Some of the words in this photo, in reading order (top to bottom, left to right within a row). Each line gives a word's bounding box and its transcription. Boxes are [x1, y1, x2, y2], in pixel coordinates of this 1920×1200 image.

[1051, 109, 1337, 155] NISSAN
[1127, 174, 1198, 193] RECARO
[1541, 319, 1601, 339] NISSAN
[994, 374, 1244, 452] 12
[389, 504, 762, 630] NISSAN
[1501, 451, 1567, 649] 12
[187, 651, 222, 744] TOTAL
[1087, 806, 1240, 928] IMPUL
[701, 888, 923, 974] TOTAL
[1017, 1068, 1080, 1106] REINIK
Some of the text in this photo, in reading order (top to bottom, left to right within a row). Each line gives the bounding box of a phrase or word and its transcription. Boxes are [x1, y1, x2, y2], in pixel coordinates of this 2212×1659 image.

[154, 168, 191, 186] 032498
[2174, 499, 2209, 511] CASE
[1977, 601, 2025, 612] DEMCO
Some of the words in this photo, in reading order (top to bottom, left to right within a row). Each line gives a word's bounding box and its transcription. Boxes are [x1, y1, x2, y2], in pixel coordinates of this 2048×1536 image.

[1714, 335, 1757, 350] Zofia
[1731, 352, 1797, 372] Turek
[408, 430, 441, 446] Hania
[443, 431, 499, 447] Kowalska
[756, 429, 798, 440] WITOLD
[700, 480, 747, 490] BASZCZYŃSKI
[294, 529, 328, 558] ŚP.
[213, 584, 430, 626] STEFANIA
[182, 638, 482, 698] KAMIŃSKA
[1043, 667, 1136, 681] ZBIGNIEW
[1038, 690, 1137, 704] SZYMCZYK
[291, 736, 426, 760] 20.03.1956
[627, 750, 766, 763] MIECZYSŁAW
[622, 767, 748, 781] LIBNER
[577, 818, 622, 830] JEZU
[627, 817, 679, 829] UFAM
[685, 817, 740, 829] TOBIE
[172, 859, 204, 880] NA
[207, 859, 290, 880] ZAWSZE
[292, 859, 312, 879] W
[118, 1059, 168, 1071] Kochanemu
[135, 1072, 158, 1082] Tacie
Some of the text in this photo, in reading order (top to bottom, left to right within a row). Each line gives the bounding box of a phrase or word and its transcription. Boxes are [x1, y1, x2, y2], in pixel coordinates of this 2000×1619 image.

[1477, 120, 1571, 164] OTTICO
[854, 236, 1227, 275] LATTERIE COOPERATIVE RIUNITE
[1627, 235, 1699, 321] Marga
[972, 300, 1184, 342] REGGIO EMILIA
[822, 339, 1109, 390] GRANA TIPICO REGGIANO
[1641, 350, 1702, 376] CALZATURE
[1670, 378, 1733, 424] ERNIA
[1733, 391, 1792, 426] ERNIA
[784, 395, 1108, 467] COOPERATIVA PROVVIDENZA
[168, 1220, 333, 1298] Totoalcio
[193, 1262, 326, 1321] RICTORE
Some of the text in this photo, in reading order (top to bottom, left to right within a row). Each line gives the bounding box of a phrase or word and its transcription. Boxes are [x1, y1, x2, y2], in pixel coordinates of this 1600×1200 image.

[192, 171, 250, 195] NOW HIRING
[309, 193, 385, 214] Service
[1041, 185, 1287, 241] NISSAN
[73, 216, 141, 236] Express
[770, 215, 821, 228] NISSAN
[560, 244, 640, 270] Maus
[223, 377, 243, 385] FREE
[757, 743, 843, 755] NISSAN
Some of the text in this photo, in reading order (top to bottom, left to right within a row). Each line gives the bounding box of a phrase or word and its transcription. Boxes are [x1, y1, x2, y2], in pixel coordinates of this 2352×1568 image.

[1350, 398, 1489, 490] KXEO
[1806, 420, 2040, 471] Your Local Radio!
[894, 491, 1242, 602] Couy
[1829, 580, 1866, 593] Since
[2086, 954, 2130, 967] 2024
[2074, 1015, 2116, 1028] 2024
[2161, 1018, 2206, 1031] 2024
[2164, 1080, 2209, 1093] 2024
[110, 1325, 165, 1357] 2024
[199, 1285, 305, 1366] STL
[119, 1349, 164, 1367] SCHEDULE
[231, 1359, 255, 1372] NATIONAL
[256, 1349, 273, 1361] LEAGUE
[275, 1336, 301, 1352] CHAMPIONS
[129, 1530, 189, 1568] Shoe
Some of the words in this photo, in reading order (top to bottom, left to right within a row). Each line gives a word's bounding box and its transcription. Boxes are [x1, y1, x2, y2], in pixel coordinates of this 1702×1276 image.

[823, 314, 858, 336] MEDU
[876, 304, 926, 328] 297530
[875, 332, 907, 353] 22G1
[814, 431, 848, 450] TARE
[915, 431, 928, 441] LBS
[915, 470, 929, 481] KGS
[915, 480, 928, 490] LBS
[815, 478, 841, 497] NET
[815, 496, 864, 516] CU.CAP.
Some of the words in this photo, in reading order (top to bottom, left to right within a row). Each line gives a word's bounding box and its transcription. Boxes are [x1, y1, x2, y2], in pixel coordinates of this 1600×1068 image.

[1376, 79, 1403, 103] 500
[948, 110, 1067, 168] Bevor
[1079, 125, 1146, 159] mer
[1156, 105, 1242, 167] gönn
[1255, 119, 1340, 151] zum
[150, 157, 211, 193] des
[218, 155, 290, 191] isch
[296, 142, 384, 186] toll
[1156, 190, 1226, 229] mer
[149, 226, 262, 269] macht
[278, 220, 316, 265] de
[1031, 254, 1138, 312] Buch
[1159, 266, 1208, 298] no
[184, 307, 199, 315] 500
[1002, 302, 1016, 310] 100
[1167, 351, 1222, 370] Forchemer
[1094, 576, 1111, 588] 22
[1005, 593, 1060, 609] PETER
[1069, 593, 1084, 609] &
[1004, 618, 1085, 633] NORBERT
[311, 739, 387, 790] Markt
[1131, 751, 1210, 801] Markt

=====

» **WHAT THE TASK ASKS**
Could all of the entries be retyped word for word?

» **SOLUTION**
Some of the words in this photo, in reading order (top to bottom, left to right within a row). Each line gives a word's bounding box and its transcription. Boxes are [x1, y1, x2, y2], in pixel coordinates of this 1920×1200 image.

[1051, 109, 1337, 155] NISSAN
[1127, 174, 1198, 193] RECARO
[1541, 319, 1601, 339] NISSAN
[994, 374, 1244, 452] 12
[389, 504, 762, 630] NISSAN
[1501, 451, 1567, 649] 12
[187, 651, 222, 744] TOTAL
[1087, 806, 1240, 928] IMPUL
[701, 888, 923, 974] TOTAL
[1017, 1068, 1080, 1106] REINIK
Some of the text in this photo, in reading order (top to bottom, left to right within a row). Each line gives the bounding box of a phrase or word and its transcription. Boxes are [x1, y1, x2, y2], in pixel coordinates of this 2212×1659 image.

[154, 168, 191, 186] 032498
[2174, 499, 2209, 511] CASE
[1977, 601, 2025, 612] DEMCO
Some of the words in this photo, in reading order (top to bottom, left to right within a row). Each line gives a word's bounding box and its transcription. Boxes are [x1, y1, x2, y2], in pixel coordinates of this 2048×1536 image.

[1714, 335, 1757, 350] Zofia
[1731, 352, 1797, 372] Turek
[408, 430, 441, 446] Hania
[443, 431, 499, 447] Kowalska
[756, 429, 798, 440] WITOLD
[700, 480, 747, 490] BASZCZYŃSKI
[294, 529, 328, 558] ŚP.
[213, 584, 430, 626] STEFANIA
[182, 638, 482, 698] KAMIŃSKA
[1043, 667, 1136, 681] ZBIGNIEW
[1038, 690, 1137, 704] SZYMCZYK
[291, 736, 426, 760] 20.03.1956
[627, 750, 766, 763] MIECZYSŁAW
[622, 767, 748, 781] LIBNER
[577, 818, 622, 830] JEZU
[627, 817, 679, 829] UFAM
[685, 817, 740, 829] TOBIE
[172, 859, 204, 880] NA
[207, 859, 290, 880] ZAWSZE
[292, 859, 312, 879] W
[118, 1059, 168, 1071] Kochanemu
[135, 1072, 158, 1082] Tacie
Some of the text in this photo, in reading order (top to bottom, left to right within a row). Each line gives the bounding box of a phrase or word and its transcription. Boxes are [x1, y1, x2, y2], in pixel coordinates of this 2000×1619 image.

[1477, 120, 1571, 164] OTTICO
[854, 236, 1227, 275] LATTERIE COOPERATIVE RIUNITE
[1627, 235, 1699, 321] Marga
[972, 300, 1184, 342] REGGIO EMILIA
[822, 339, 1109, 390] GRANA TIPICO REGGIANO
[1641, 350, 1702, 376] CALZATURE
[1670, 378, 1733, 424] ERNIA
[1733, 391, 1792, 426] ERNIA
[784, 395, 1108, 467] COOPERATIVA PROVVIDENZA
[168, 1220, 333, 1298] Totoalcio
[193, 1262, 326, 1321] RICTORE
Some of the text in this photo, in reading order (top to bottom, left to right within a row). Each line gives the bounding box of a phrase or word and its transcription. Boxes are [x1, y1, x2, y2], in pixel coordinates of this 1600×1200 image.

[192, 171, 250, 195] NOW HIRING
[309, 193, 385, 214] Service
[1041, 185, 1287, 241] NISSAN
[73, 216, 141, 236] Express
[770, 215, 821, 228] NISSAN
[560, 244, 640, 270] Maus
[223, 377, 243, 385] FREE
[757, 743, 843, 755] NISSAN
Some of the text in this photo, in reading order (top to bottom, left to right within a row). Each line gives the bounding box of a phrase or word and its transcription. Boxes are [x1, y1, x2, y2], in pixel coordinates of this 2352×1568 image.

[1350, 398, 1489, 490] KXEO
[1806, 420, 2040, 471] Your Local Radio!
[894, 491, 1242, 602] Couy
[1829, 580, 1866, 593] Since
[2086, 954, 2130, 967] 2024
[2074, 1015, 2116, 1028] 2024
[2161, 1018, 2206, 1031] 2024
[2164, 1080, 2209, 1093] 2024
[110, 1325, 165, 1357] 2024
[199, 1285, 305, 1366] STL
[119, 1349, 164, 1367] SCHEDULE
[231, 1359, 255, 1372] NATIONAL
[256, 1349, 273, 1361] LEAGUE
[275, 1336, 301, 1352] CHAMPIONS
[129, 1530, 189, 1568] Shoe
Some of the words in this photo, in reading order (top to bottom, left to right within a row). Each line gives a word's bounding box and its transcription. Boxes are [x1, y1, x2, y2], in pixel coordinates of this 1702×1276 image.

[823, 314, 858, 336] MEDU
[876, 304, 926, 328] 297530
[875, 332, 907, 353] 22G1
[814, 431, 848, 450] TARE
[915, 431, 928, 441] LBS
[915, 470, 929, 481] KGS
[915, 480, 928, 490] LBS
[815, 478, 841, 497] NET
[815, 496, 864, 516] CU.CAP.
Some of the words in this photo, in reading order (top to bottom, left to right within a row). Each line gives a word's bounding box and its transcription. Boxes are [x1, y1, x2, y2], in pixel coordinates of this 1600×1068 image.

[1376, 79, 1403, 103] 500
[948, 110, 1067, 168] Bevor
[1079, 125, 1146, 159] mer
[1156, 105, 1242, 167] gönn
[1255, 119, 1340, 151] zum
[150, 157, 211, 193] des
[218, 155, 290, 191] isch
[296, 142, 384, 186] toll
[1156, 190, 1226, 229] mer
[149, 226, 262, 269] macht
[278, 220, 316, 265] de
[1031, 254, 1138, 312] Buch
[1159, 266, 1208, 298] no
[184, 307, 199, 315] 500
[1002, 302, 1016, 310] 100
[1167, 351, 1222, 370] Forchemer
[1094, 576, 1111, 588] 22
[1005, 593, 1060, 609] PETER
[1069, 593, 1084, 609] &
[1004, 618, 1085, 633] NORBERT
[311, 739, 387, 790] Markt
[1131, 751, 1210, 801] Markt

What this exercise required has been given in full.